En 2009, le Centre fédéral d’expertise des soins de santé (KCE) évaluant l’efficacité de la prise en charge, médicamenteuse ou non, de la maladie d’Alzheimer (9), constatait qu’un soutien professionnalisé et de longue durée apporté aux soignants informels constituait la seule intervention retardant significativement l'institutionnalisation du patient. L'effet potentiel de ce type d’intervention non pharmacologique semble être supérieur à ce qui peut être observé avec les médicaments actuellement disponibles.

En 2011, le Centre fédéral d’expertise des soins de santé (KCE) précisait, dans le domaine de la prise en charge non médicamenteuse des patients atteints de démence, 4 types d’intervention qui apportaient des preuves (de qualité modérée) d’efficacité (1).

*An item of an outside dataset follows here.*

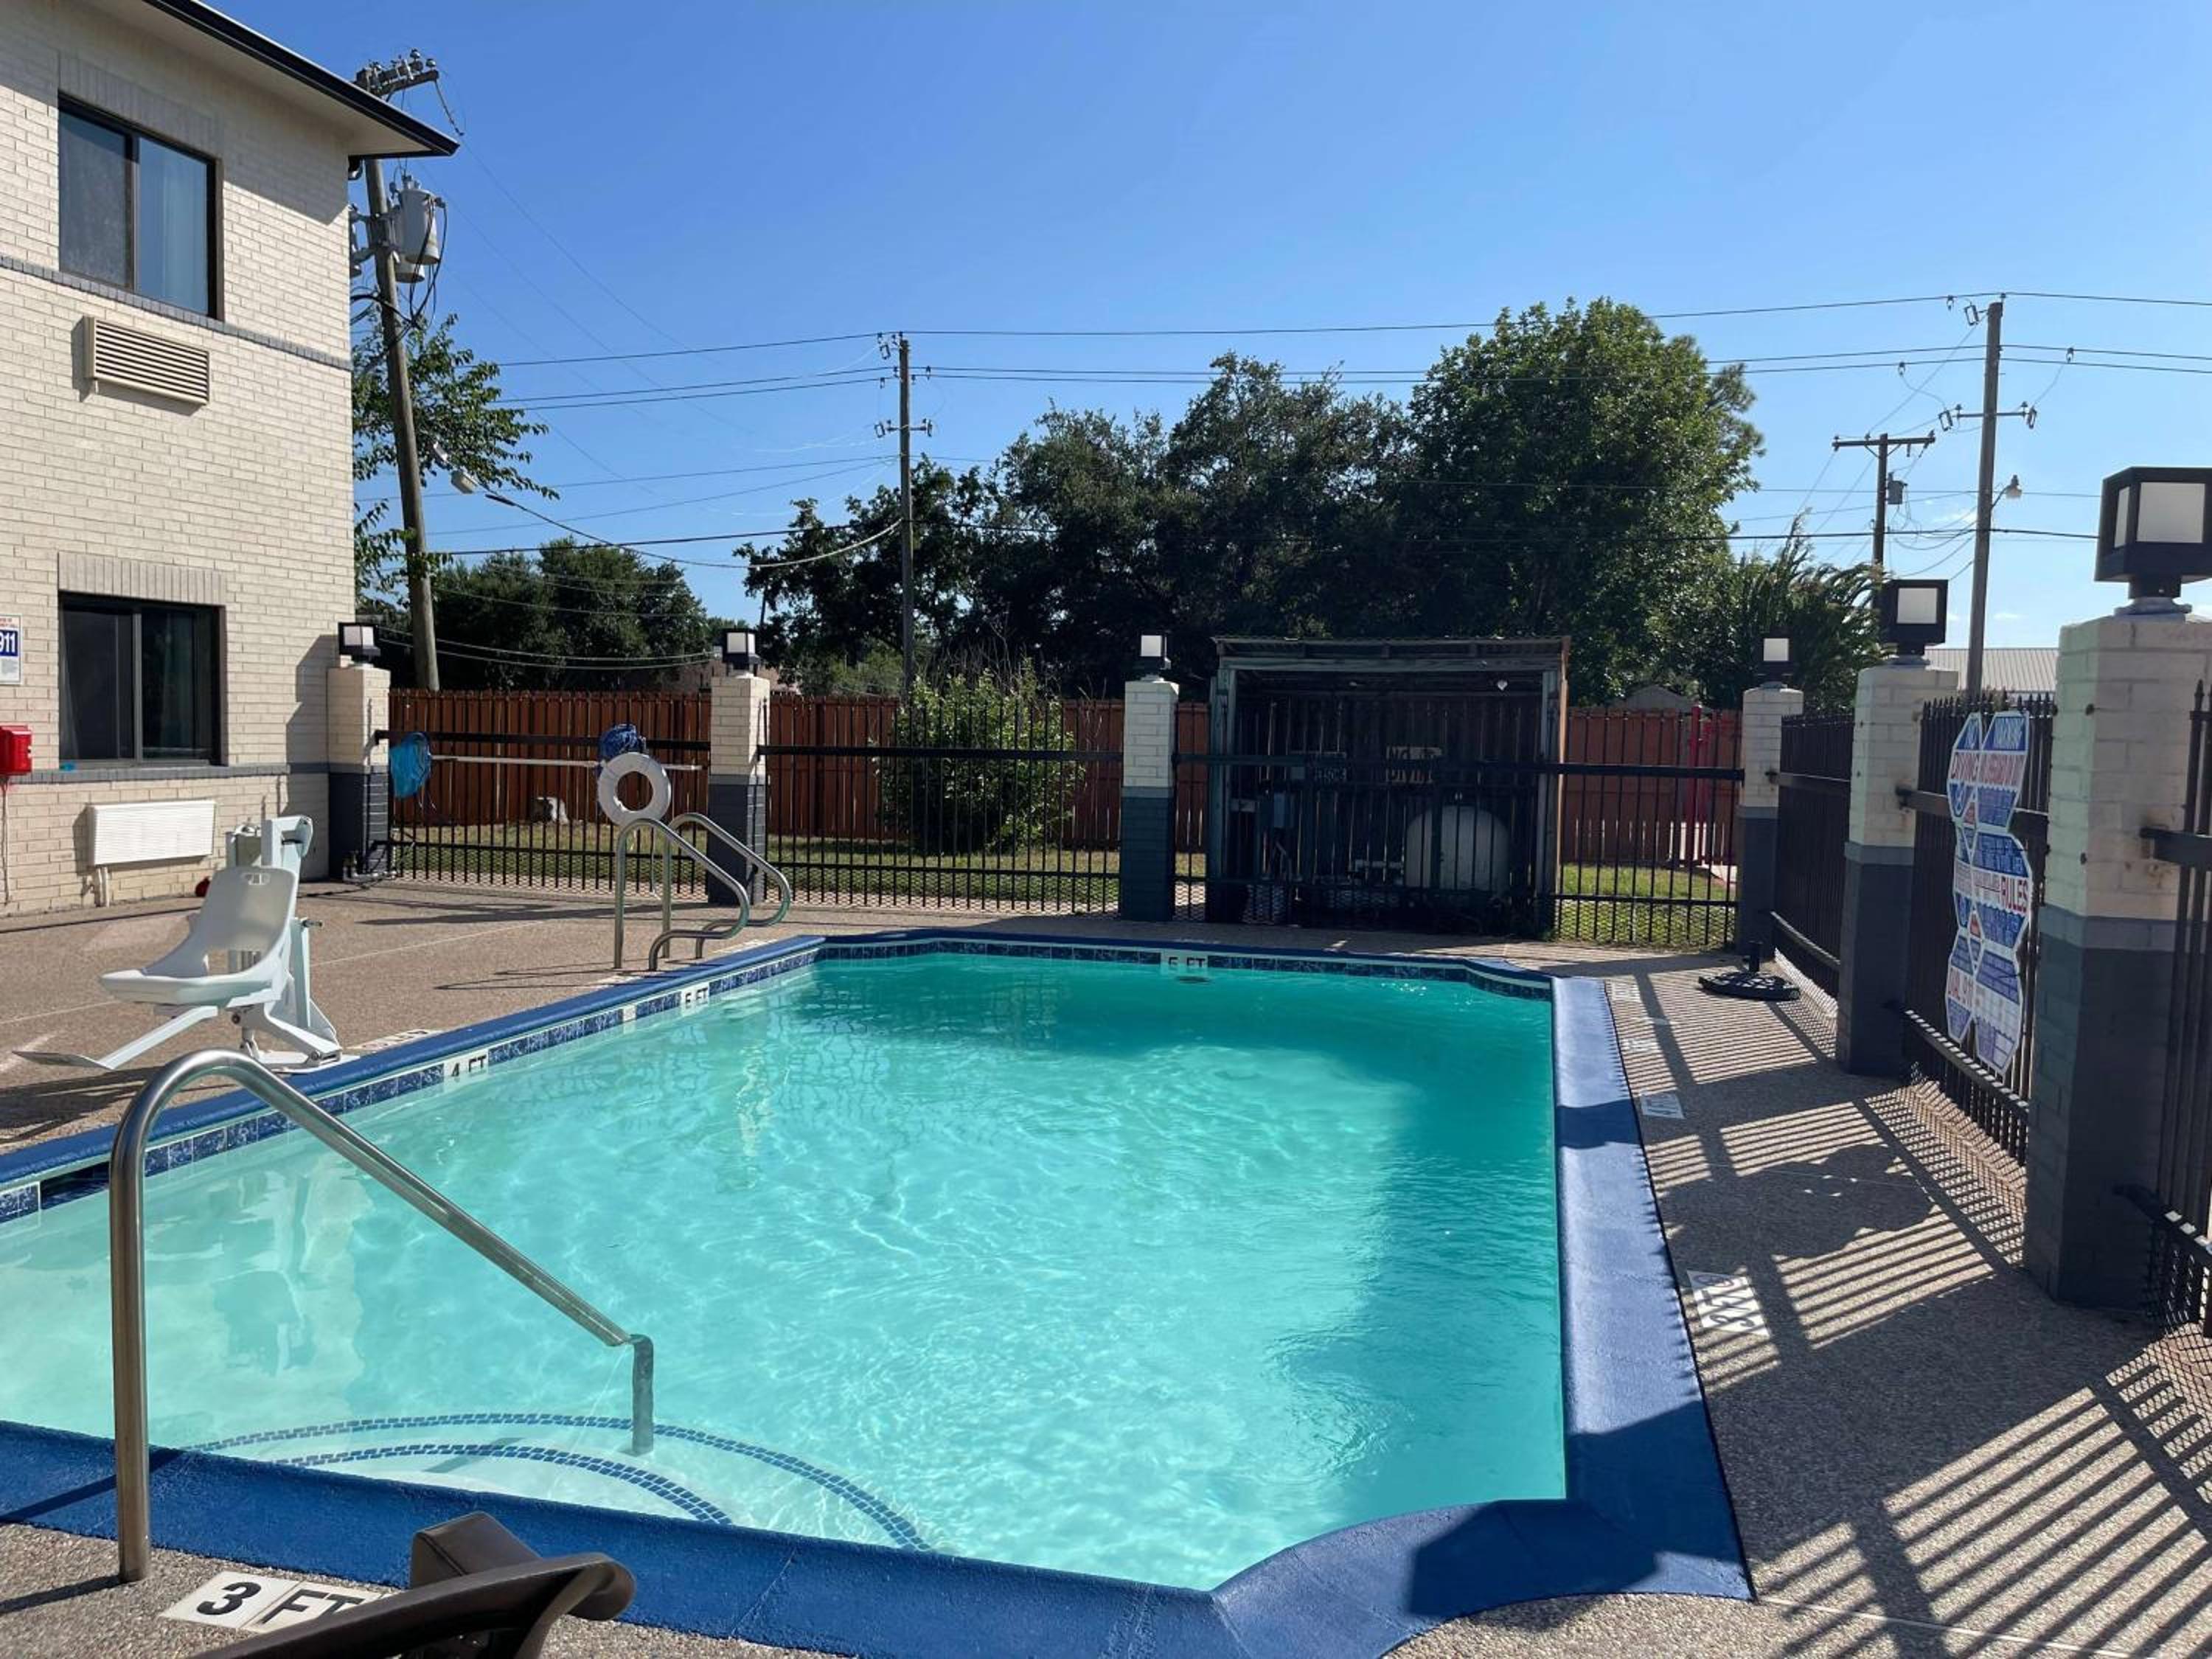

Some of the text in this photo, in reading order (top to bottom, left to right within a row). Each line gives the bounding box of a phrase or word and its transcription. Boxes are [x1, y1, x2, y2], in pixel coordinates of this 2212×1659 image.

[2000, 874, 2028, 912] RULES
[196, 1582, 365, 1624] 3 FT

Aucune des interventions précitées ne concernait spécifiquement la prise en charge des patients présentant une démence avancée. La RCT analysée ici montre un intérêt limité d’une intervention visant une aide à la décision basée sur des GOC (Goals of Care) ciblant le représentant légal d’une personne fort âgée, institutionnalisée et souffrant d’une démence avancée.

 

Références 

  1. Kroes M, Garcia-Stewart S, Allen F, et al. Démence : quelles interventions non pharmacologiques ? Good Clinical Practice (GCP). Bruxelles : Centre fédéral d’expertise des soins de santé (KCE), 2011. KCE Reports 160B. D/2011/10.273/36.
  2. Chenoweth L, King MT, Jeon YH, et al. Caring for Aged Dementia Care Resident Study (CADRES) of person-centred care, dementia-care mapping, and usual care in dementia: a cluster-randomised trial. Lancet Neurol 2009;8:317-25. DOI: 10.1016/S1474-4422(09)70045-6
  3. Schoenmakers B. Démence : soins centrés sur la personne et dementia-care mapping. MinervaF 2011;10(3):34-5.
  4. Olazarán J, Reisberg B, Clare L, et al. Nonpharmacological therapies in Alzheimer's disease: a systematic review of efficacy. Dement Geriatr Cogn Disord 2010;30:161-78. DOI: 10.1159/000316119
  5. De Jonghe M. Approches thérapeutiques non pharmacologiques dans la démence d’Alzheimer et troubles associés. MinervaF 2013;12(3):34-5.
  6. Brodaty H., Arasaratnam B. Meta-analysis of nonpharmacological interventions for neuropsychiatric symptoms of dementia. Am J Psychiatry 2012;169:946-53. DOI: 10.1176/appi.ajp.2012.11101529
  7. De Jonghe M. Approches thérapeutiques non pharmacologiques au domicile pour les symptômes psychiatriques et comportementaux des démences. MinervaF 2014;13(1):6-7.
  8. La démence avancée. FormulR/info 2016;23:25-31.
  9. Hulstaert F, Thiry N, Eyssen M, Vrijens F. Interventions pharmaceutiques et non pharmaceutiques dans la maladie d’Alzheimer : une évaluation rapide. Health Technology Assessment (HTA). Bruxelles: Centre fédéral d'expertise des soins de santé́ (KCE), 2009. KCE Reports 111B. D/2009/10.273/28.